Virtually all employers have to think about employee safety and preventing risks of injury. Yet while employers and government agencies such as OSHA focus on safety, employees — and sometimes even their doctors — incredibly seem to take a cavalier approach in the face of seemingly obvious safety risks. In light of this, what can, and potentially should, an employer do?Consider the following: An employee works at a furniture plant, where all positions involve the use of lumber-cutting tools. The employee severely cuts himself and goes to the hospital. When he returns to work, he has a medical slip from his doctor noting the employee has severe hemophilia but releasing employee to work without restrictions. The employer instantly wonders how the doctor could release the employee to work and how he or she can, in good conscience, allow the employee to resume working a job that is a severe danger to the employee’s well-being. However, the employer also knows that refusing to allow the employee to resume working means a risk of a disability discrimination claim. In this situation, the employer is seemingly caught between the proverbial rock and a hard place.

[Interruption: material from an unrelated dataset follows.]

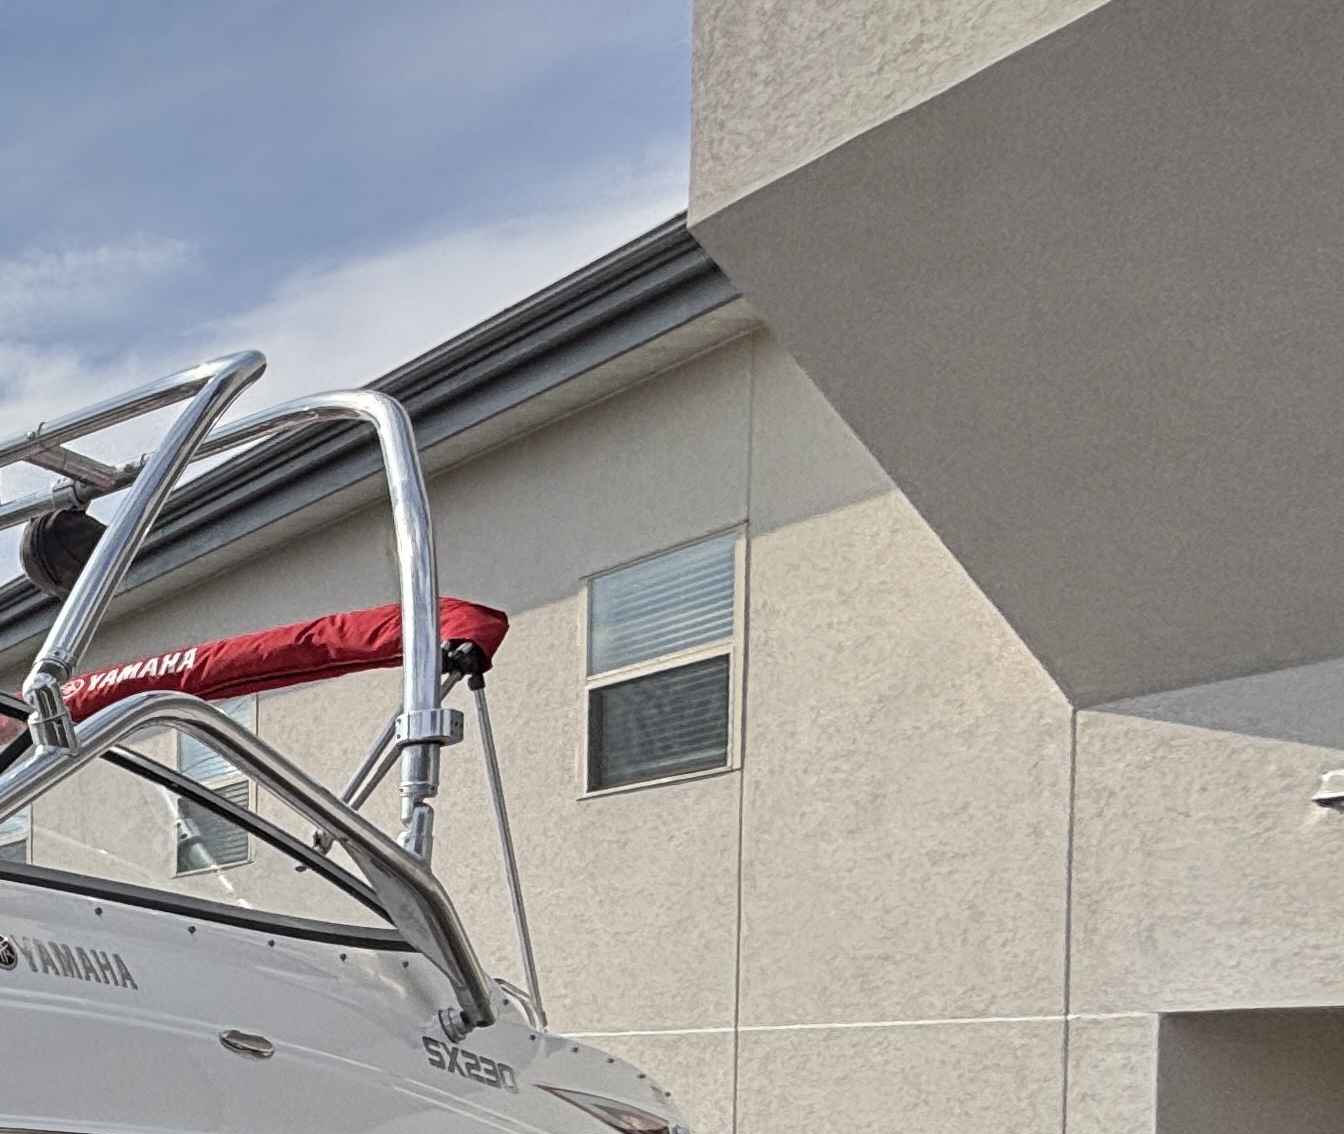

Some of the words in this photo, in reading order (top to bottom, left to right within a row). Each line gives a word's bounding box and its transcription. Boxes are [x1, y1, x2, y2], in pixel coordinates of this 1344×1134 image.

[88, 649, 197, 691] YAMAHA
[10, 935, 139, 990] YAMAHA
[422, 1036, 519, 1094] SX230

The “direct threat” provisions of the Americans with Disabilities Act  do recognize the challenges created by an example such as this. The statute permits an employer to require a medical evaluation and, in some cases, even require a second medical opinion when the employer has a good-faith belief based on legitimate, objective evidence that the employee poses a direct threat to the health and safety of himself or others. As the EEOC has written in a “Questions and Answers” guidance document, “The employer is responsible for assessing whether an employee poses a direct threat based on a reasonable medical judgment that relies on the most current medical knowledge and/or best objective evidence.” As a result, an employer may be able refuse to place an employee in a position where performing the essential functions of the position poses a direct threat (assuming the risks cannot be eliminated or reduced by reasonable accommodation) because, in such circumstances, the employee is not a “qualified individual” and thus is not subject to the ADA’s protections.

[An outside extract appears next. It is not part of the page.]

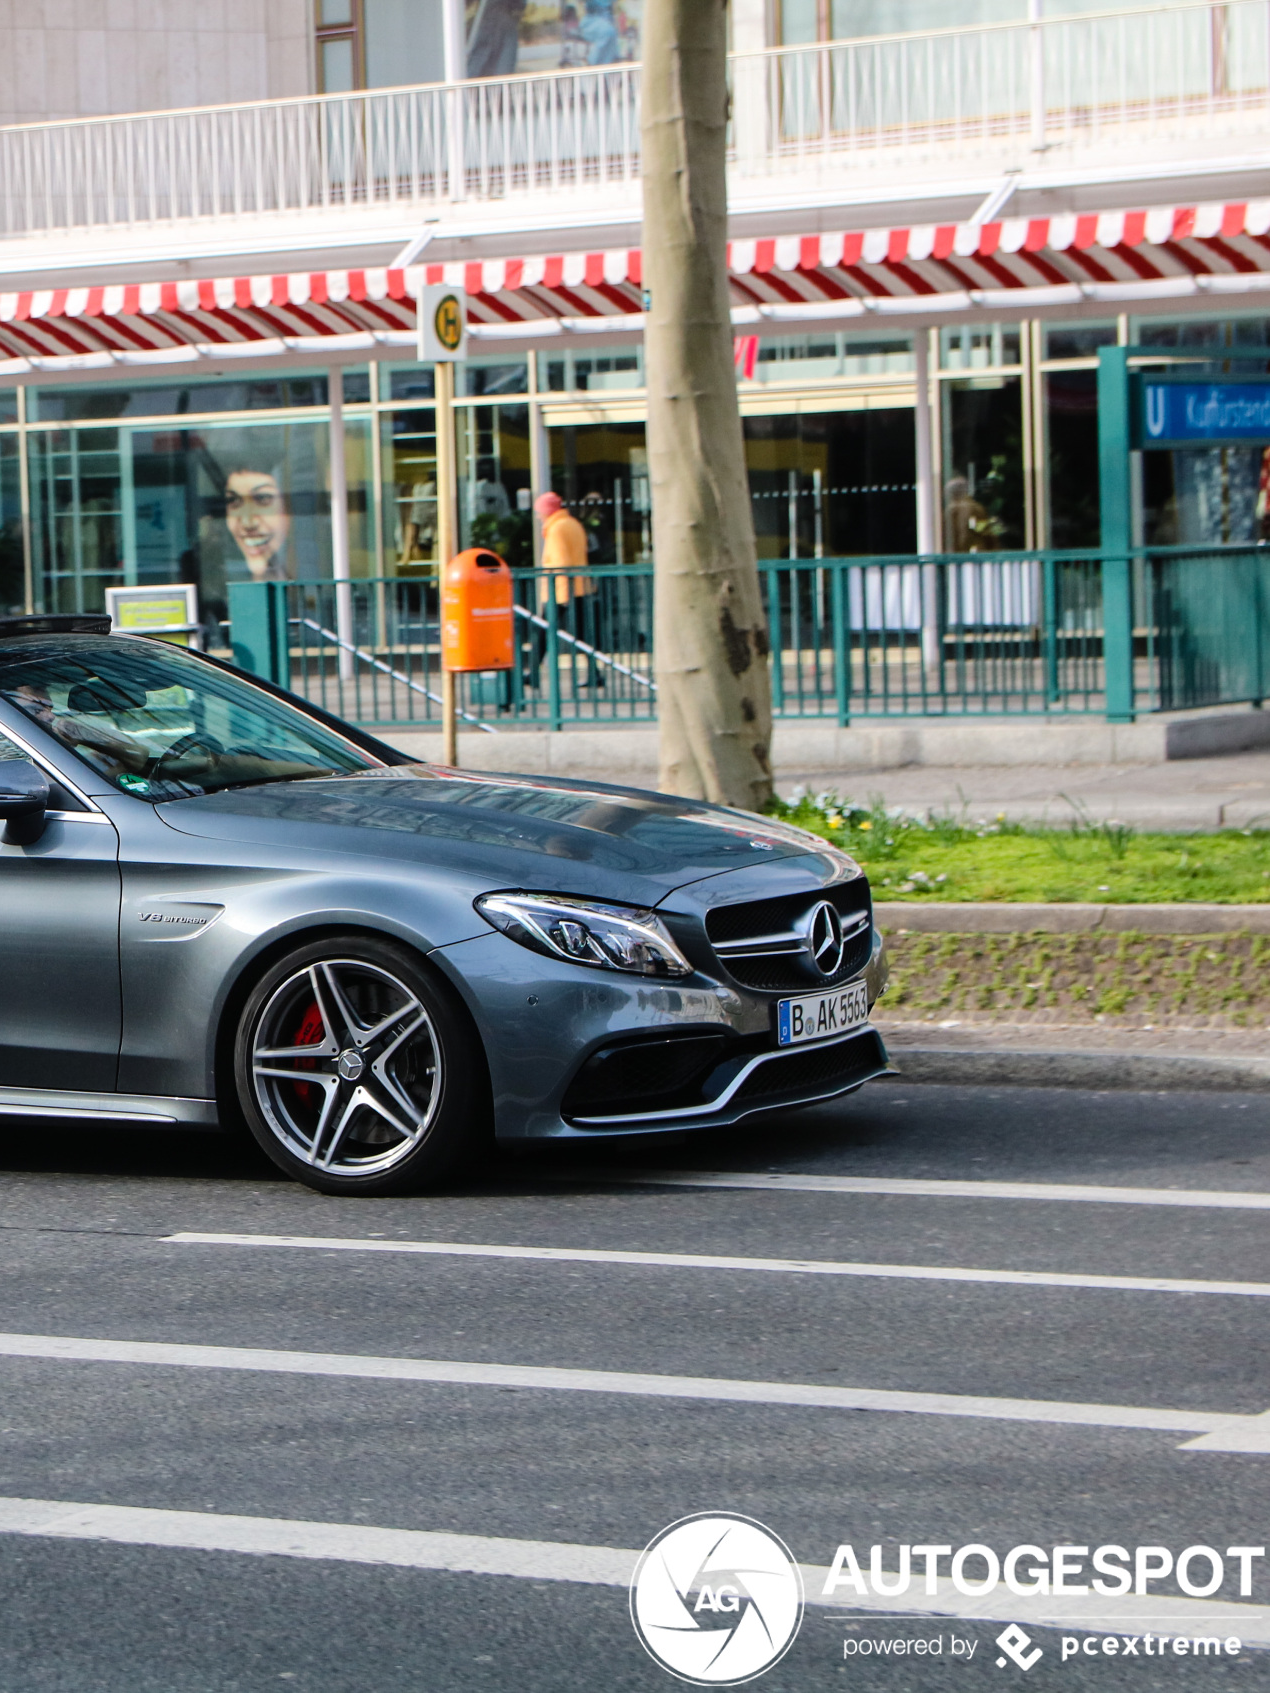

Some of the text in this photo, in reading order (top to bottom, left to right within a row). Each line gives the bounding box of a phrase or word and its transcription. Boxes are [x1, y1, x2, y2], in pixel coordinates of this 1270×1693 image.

[1147, 385, 1165, 437] U
[137, 911, 208, 925] V8 BITURBO
[792, 987, 867, 1037] B AK 5563

However, just because an employer can sometimes require a medical examination under the ADA’s “direct threat”  provisions does not necessarily mean it should do so — at least not before seeking appropriate guidance. For example, using the situation above, the EEOC believes the employer could only seek a second medical opinion if the medical information provided by the employee is insufficient, not credible, or fraudulent, and only after first providing the employee with an opportunity to address those concerns. The employer probably has no knowledge of whether the employee disclosed the dangerous aspects of his job to the doctor or whether the doctor is a specialist capable of fully assessing the risks posed by the employee’s job. Accordingly, rather than immediately requiring another medical assessment, the employer might consider requesting that the employee grant the employer permission to speak to the doctor to seek clarification about the reasons for releasing employee as well as other pertinent information to assess the nature of the risks posed by the employee’s job.

The takeaway is that an employer need not necessarily allow an employee to work in a job where the employee’s unique circumstances implicate serious health risks. However, any time an employer believes a “direct threat” issue may exist, the employer is encouraged seek guidance from counsel on how to approach the situation so that, by taking steps intended to promote employee safety, the employer does not unintentionally run afoul of the ADA.